AIM OF THE TASK - Leave out the images; return the rest of the data exactly.

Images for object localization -
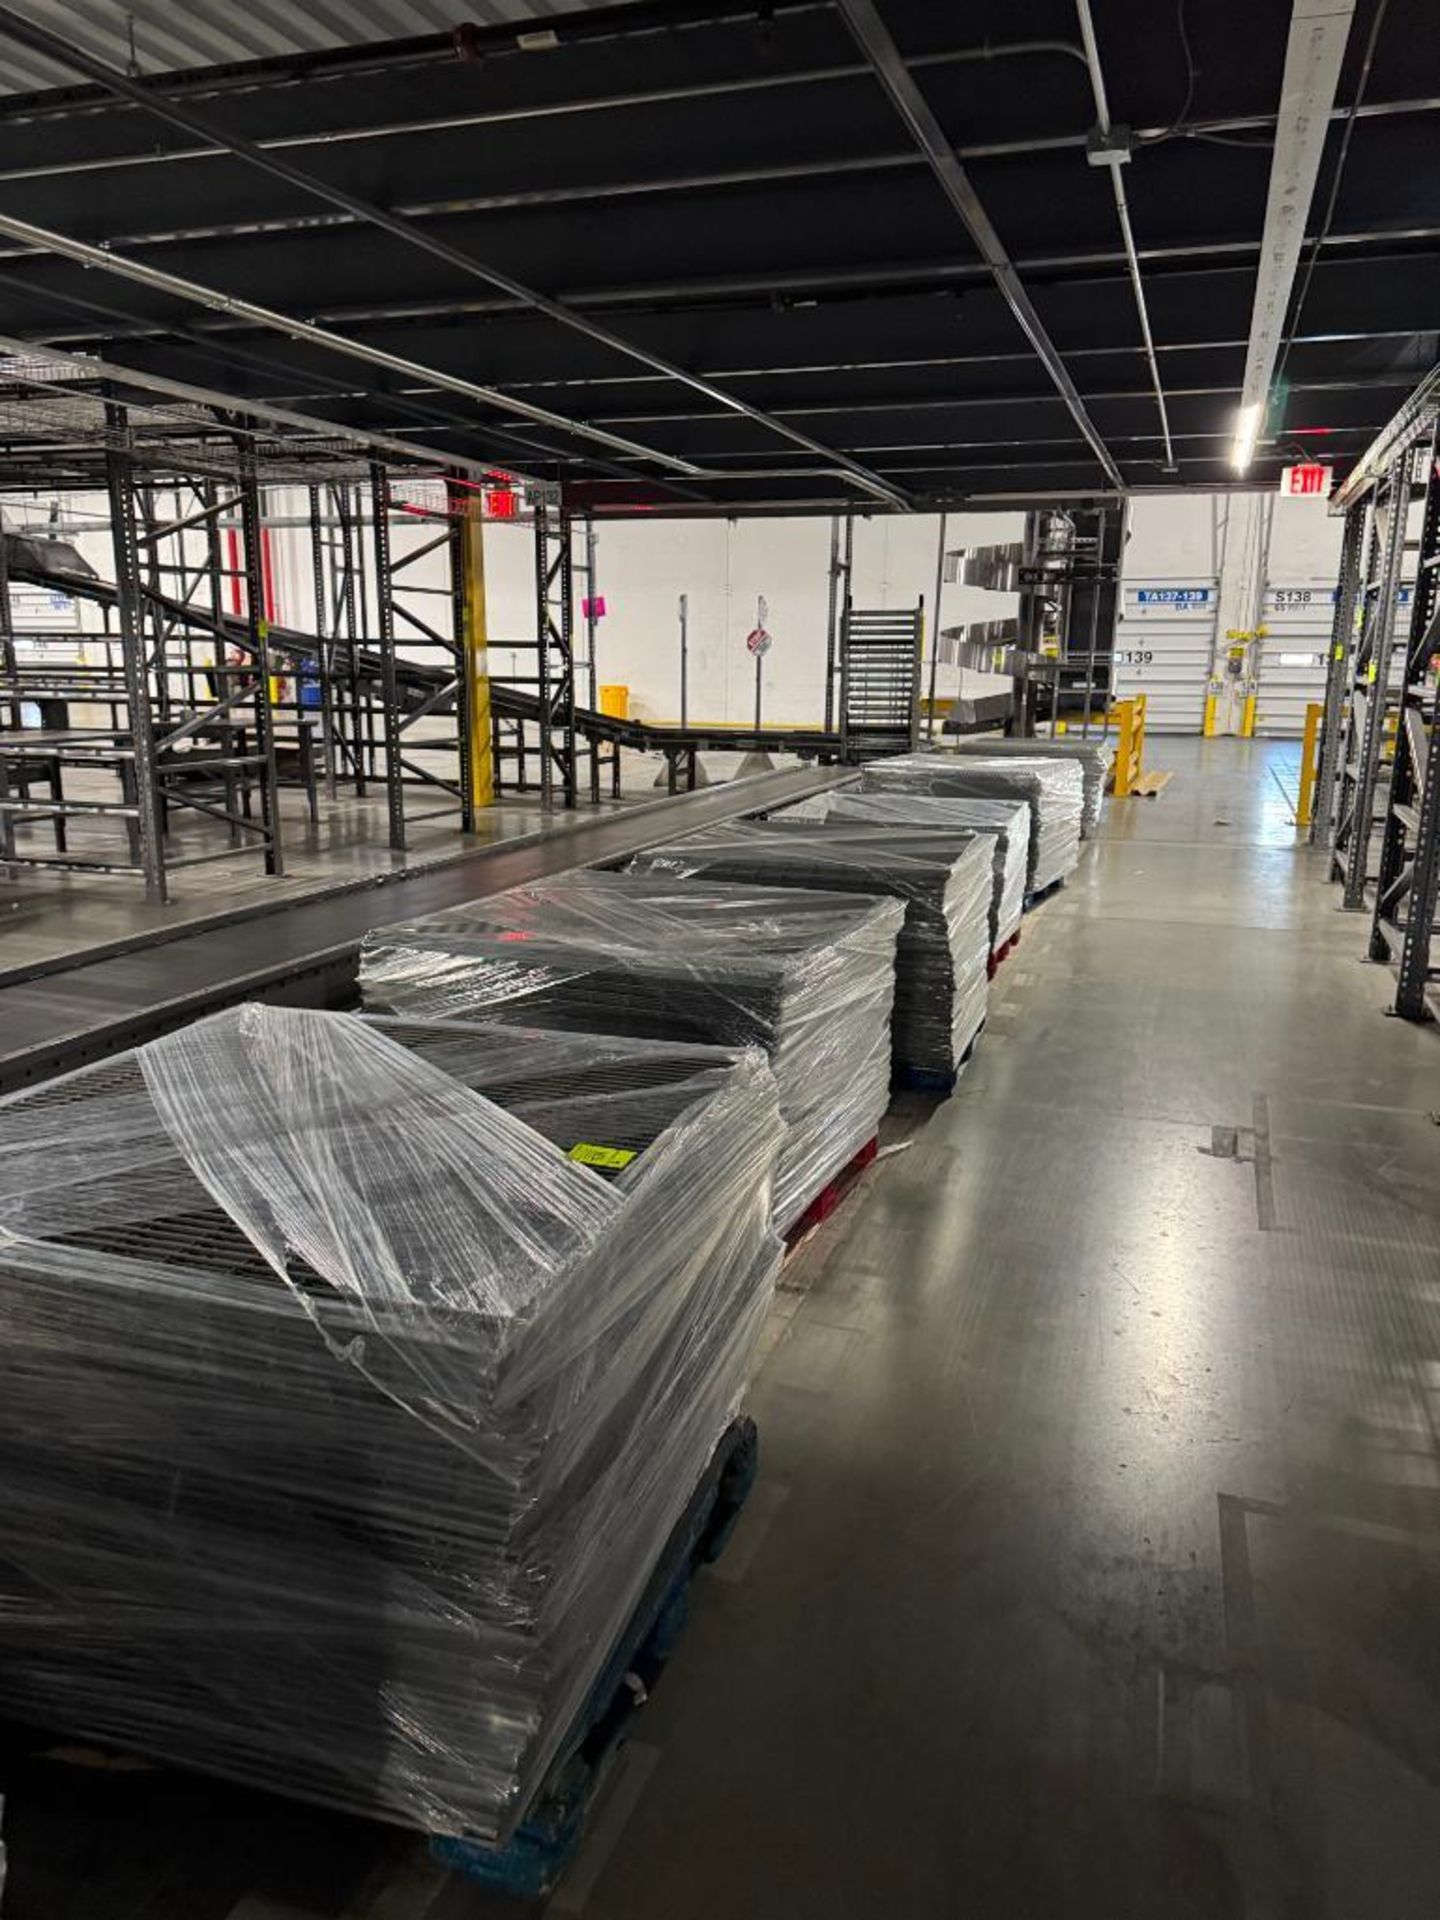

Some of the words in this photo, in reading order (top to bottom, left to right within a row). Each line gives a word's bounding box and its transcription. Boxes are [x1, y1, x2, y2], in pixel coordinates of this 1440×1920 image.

[1290, 467, 1325, 494] EXIT
[1275, 591, 1312, 602] S138
[1126, 651, 1153, 663] 139
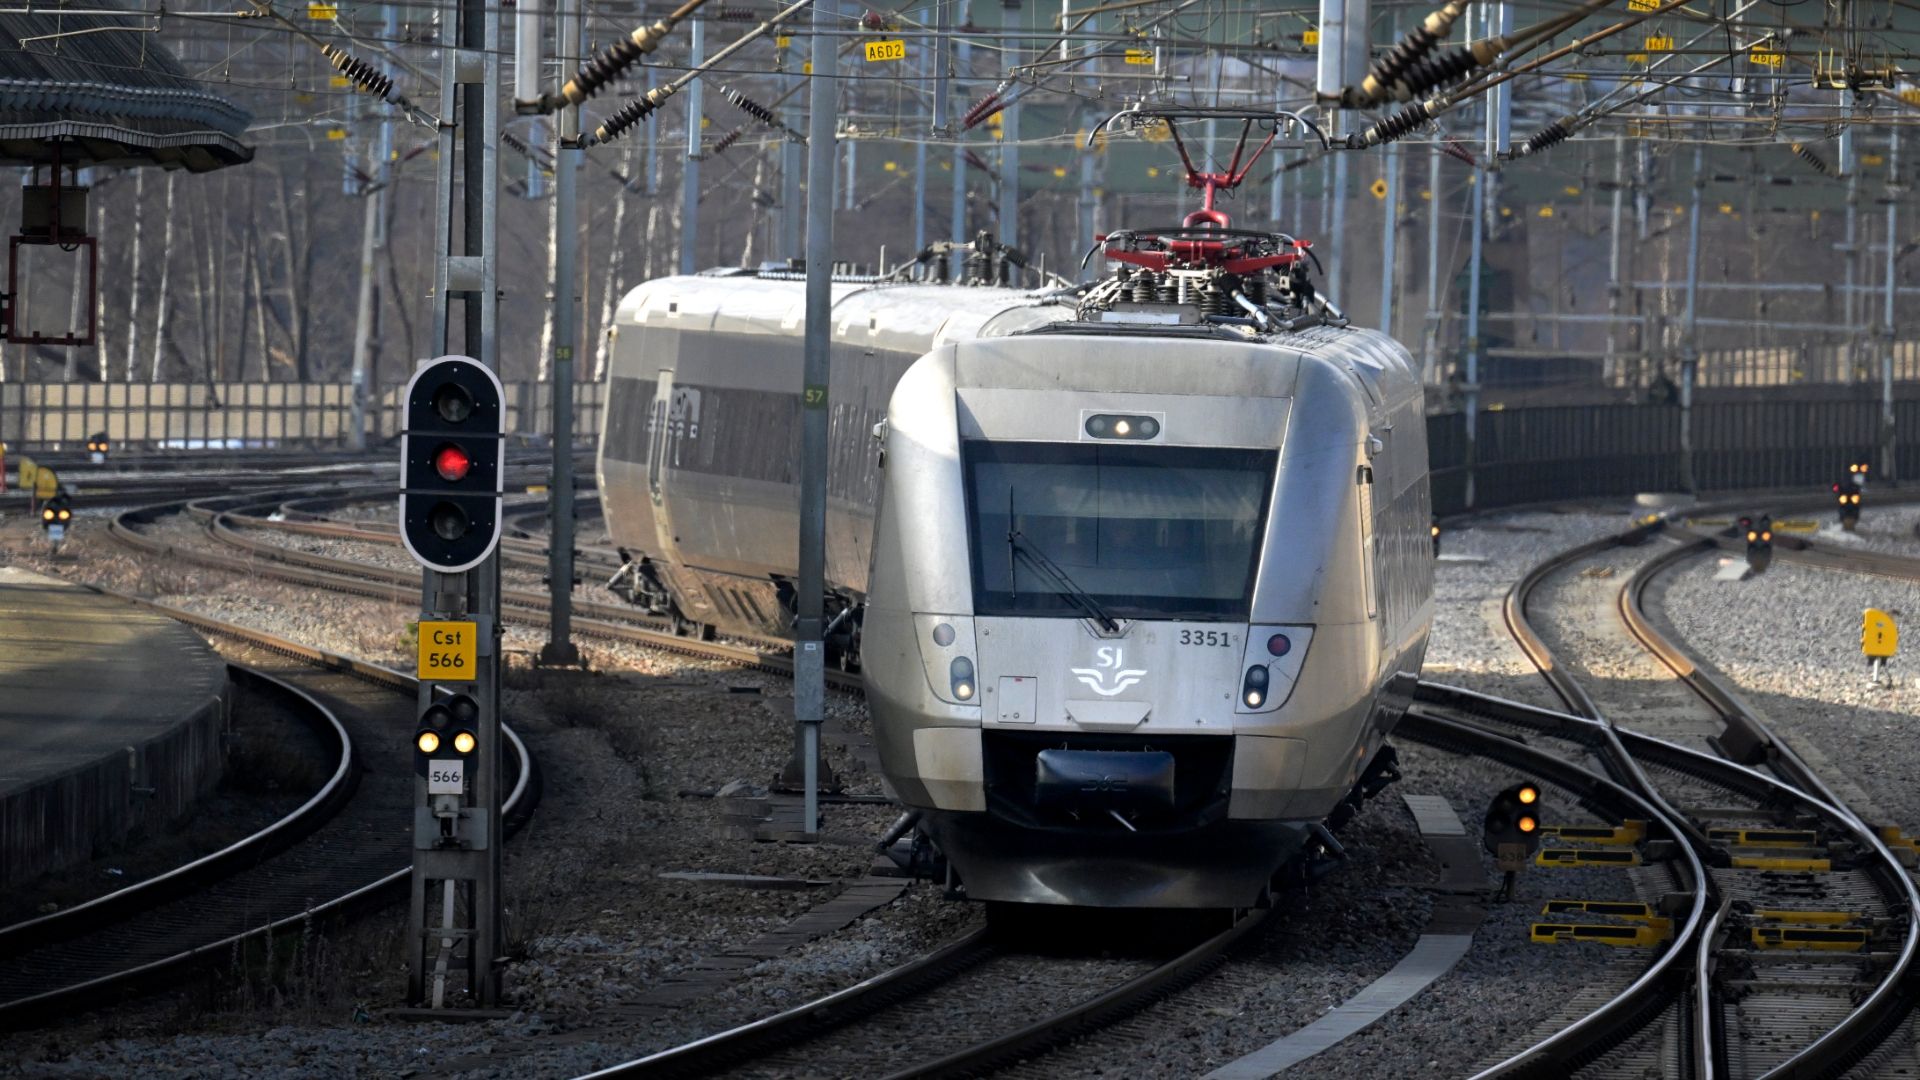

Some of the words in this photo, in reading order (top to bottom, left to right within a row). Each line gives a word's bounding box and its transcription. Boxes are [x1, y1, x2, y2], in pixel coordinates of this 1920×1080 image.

[869, 44, 902, 60] A6D2
[806, 389, 823, 403] 57
[433, 630, 461, 645] Cst
[1180, 629, 1231, 648] 3351
[429, 653, 464, 667] 566
[1096, 646, 1123, 669] SJ
[433, 771, 460, 783] 566

EXERCISE RESULT -
Some of the words in this photo, in reading order (top to bottom, left to right within a row). Each line gives a word's bounding box and its transcription. Boxes are [x1, y1, x2, y2], in pixel coordinates of this 1440×1920 image.

[1290, 467, 1325, 494] EXIT
[1275, 591, 1312, 602] S138
[1126, 651, 1153, 663] 139

Some of the words in this photo, in reading order (top to bottom, left to right within a row). Each line gives a word's bounding box and its transcription. Boxes are [x1, y1, x2, y2], in pixel coordinates of this 1920×1080 image.

[869, 44, 902, 60] A6D2
[806, 389, 823, 403] 57
[433, 630, 461, 645] Cst
[1180, 629, 1231, 648] 3351
[429, 653, 464, 667] 566
[1096, 646, 1123, 669] SJ
[433, 771, 460, 783] 566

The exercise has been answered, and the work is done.